I am basically over the date with Dex before he even arrives, but when he texts "in a cab," it's too late to cancel.

He arrives wearing a light blue tie; his dark hair is slicked back like an extra on the set of Wall Street. I can't really tell if I find him attractive. He's definitely cuter than he was in high school when he spiked his hair and wore band t-shirts to class, and he's nearly 6-foot-3, which never hurts.

He and Alex exchange hellos and how are you doings, and just like that she is released and out the door.

"Have you eaten?" he asks. I say yes and tell him the chicken fingers aren't very good. He flags down a waitress and orders a chicken sandwich and fries. Further confirmation that he's a know-it-all and doesn't care that I just said the chicken here doesn't rival the aforementioned Chick Fila A.

"I thought you were a vegetarian?" I ask.

"I stopped that two years ago because when CEOs ask me to dinner, we usually eat steaks. I can't very well order tofu salad at a dinner meeting with a CEO."

Of course he'd say that. Pretentious, like I said.

"I'm a simple meat-and-potatoes kind of guy anyway, so might as well," he adds. I tell him I beg to differ, since the last time I saw him he was in fact a skinny vegetarian sporting a new Rolex. Simple those attributes do not make.

We make some small talk about work, order a few more drinks, then he flashes and hands over his gold AmEx to the waitress before the bill even arrives. Showy move, I think, picking up the check before even looking at it.

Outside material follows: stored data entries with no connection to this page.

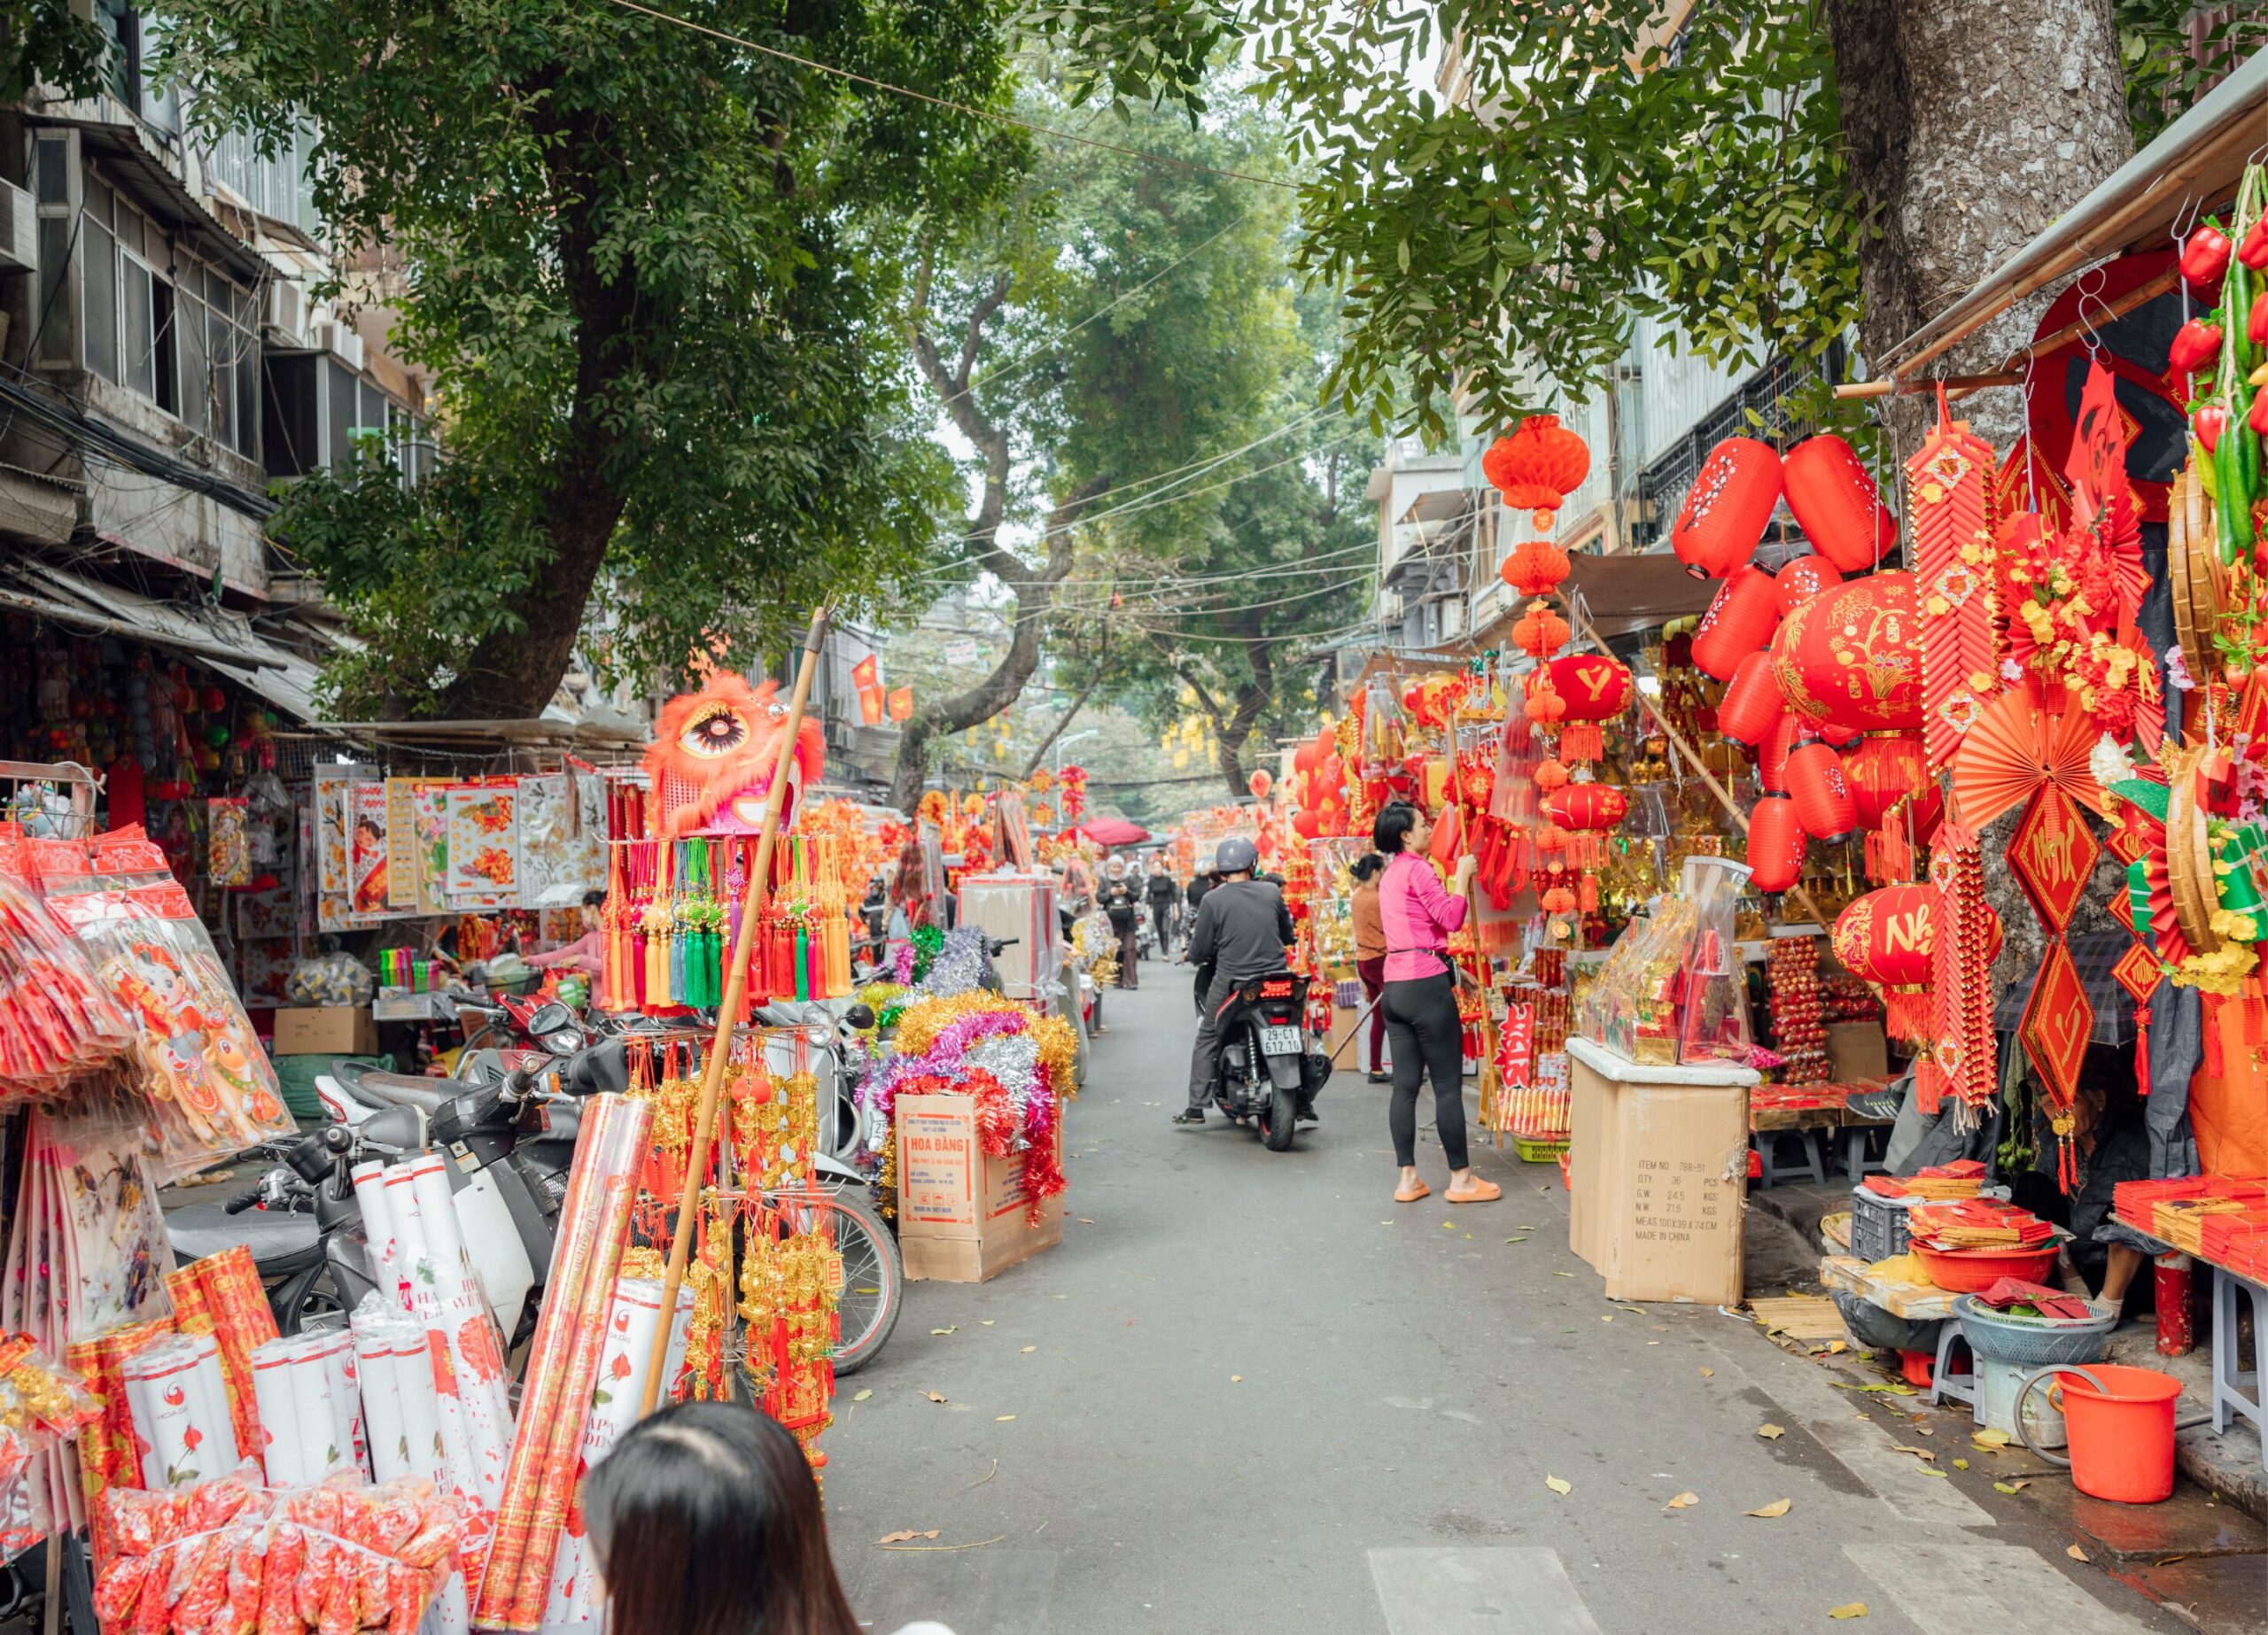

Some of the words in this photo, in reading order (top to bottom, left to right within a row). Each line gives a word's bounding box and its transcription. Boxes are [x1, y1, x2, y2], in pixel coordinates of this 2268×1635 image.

[1267, 1028, 1293, 1041] 29-C1
[912, 1137, 931, 1151] HOA
[936, 1134, 963, 1151] ĐĂNG
[1639, 1159, 1657, 1169] ITEM
[1704, 1178, 1719, 1187] PCS
[1704, 1192, 1718, 1202] KGS
[1702, 1206, 1717, 1215] KGS
[1635, 1231, 1657, 1240] MADE
[1659, 1231, 1666, 1240] IN
[1668, 1232, 1690, 1241] CHINA

Somewhere between our barstools and the front door, I talk him into taking a cab to where his Saab is parked so we can take it for a spin. It's so New York that we take a cab to his car, but it's always fun to ride around Manhattan without the ticking of a cab meter.

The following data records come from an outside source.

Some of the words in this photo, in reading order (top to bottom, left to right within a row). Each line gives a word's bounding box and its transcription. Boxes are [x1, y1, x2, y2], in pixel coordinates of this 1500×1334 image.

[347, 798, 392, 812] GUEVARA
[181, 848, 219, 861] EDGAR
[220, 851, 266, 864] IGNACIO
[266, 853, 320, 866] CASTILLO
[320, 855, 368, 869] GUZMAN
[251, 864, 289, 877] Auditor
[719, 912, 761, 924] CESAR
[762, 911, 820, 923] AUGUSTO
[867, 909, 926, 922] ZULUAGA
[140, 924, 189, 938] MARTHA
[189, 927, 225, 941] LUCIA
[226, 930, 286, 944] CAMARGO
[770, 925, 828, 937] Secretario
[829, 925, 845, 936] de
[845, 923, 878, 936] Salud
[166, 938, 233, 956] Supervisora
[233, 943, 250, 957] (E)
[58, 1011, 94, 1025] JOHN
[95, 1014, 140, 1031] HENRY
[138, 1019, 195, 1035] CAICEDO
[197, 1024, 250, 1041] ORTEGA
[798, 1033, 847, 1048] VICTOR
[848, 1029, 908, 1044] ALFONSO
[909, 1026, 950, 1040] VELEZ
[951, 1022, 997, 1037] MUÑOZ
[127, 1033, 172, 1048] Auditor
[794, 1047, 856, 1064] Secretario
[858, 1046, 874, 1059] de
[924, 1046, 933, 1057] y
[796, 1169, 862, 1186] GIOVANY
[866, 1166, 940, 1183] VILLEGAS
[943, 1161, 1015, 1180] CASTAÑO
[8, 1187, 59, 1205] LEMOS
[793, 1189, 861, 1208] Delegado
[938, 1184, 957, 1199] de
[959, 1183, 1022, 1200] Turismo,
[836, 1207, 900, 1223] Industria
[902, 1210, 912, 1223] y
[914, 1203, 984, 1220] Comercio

"So, how's law school going for your brother?" He asks me once inside the car.

Did I tell him my brother was in law school? Surely not, but in a city where most investment bankers date hotty totty girls who come from an East Coast blue blood family and summer in The Hamptons, I am surely not going to deny this. Besides, my brother does happen to be studying to take the LSAT. For the third time. But who's counting? At least he doesn't know my brother is still living with our parents.

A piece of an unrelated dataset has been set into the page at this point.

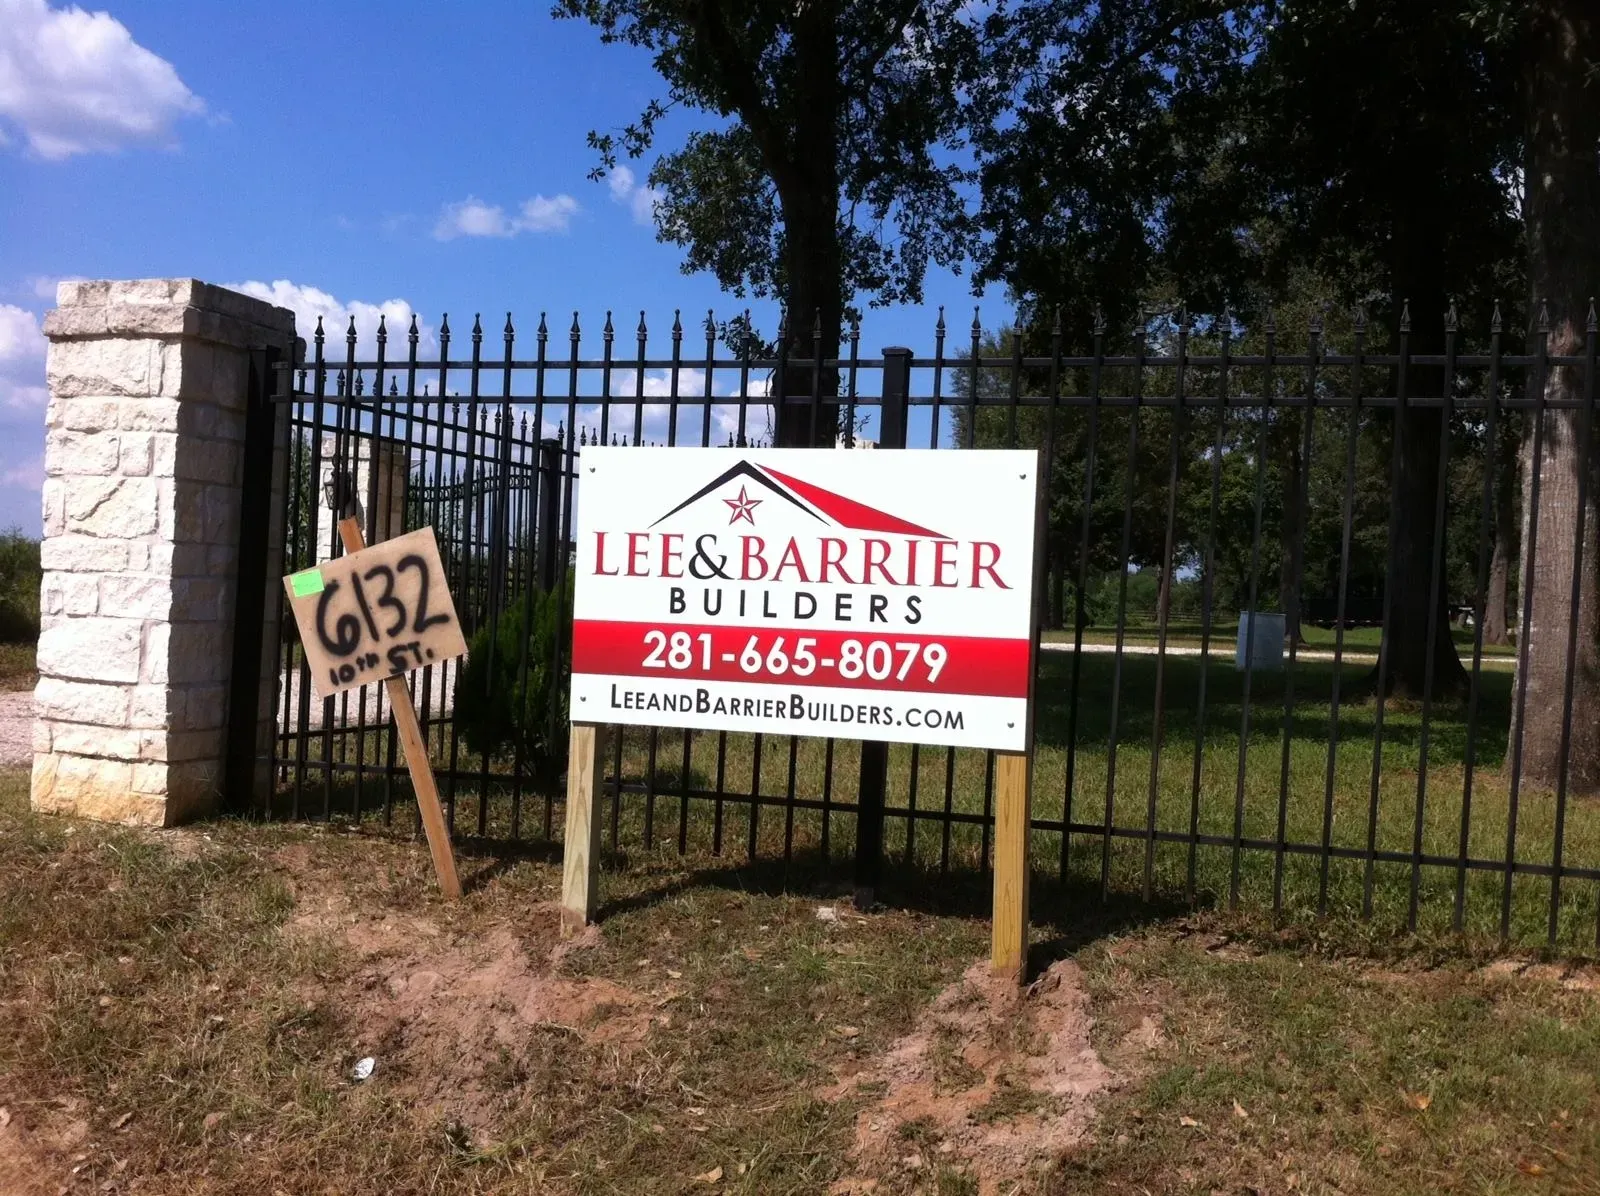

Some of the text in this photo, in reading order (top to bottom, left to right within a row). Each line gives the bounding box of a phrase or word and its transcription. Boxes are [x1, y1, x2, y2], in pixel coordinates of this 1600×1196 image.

[316, 554, 450, 657] 6132
[669, 587, 923, 624] BUILDERS
[387, 641, 434, 674] ST.
[642, 630, 948, 683] 281-665-8079

"Oh, he's starting in January."

Lie number one.

"Cool," Dex says. "Is he living at home now?"


"He's living in uptown Dallas, I think."

Lie number two.

Little does Dexter know right now my brother is probably eating over-cooked lasagna with my parents and bitching about not wanting to do the dishes after. I can just hear him now, "I already set the table tonight, what more do you want from me, WOMAN!?!"

Somewhere between the Upper East Side and the Upper West Side, Dexter's hand is on my leg as he maneuvers his sportscar through uptown traffic. My five or so drinks are starting to kick in, and he's looking slightly more attractive than when he first arrived at the bar. Soon we are pulled over on Madison Avenue, full-fledged making out. I've kissed him before, I dated him in high school for crying out loud, so I figure it's ok to make out in his flashy convertible in front of the Coach flagship store.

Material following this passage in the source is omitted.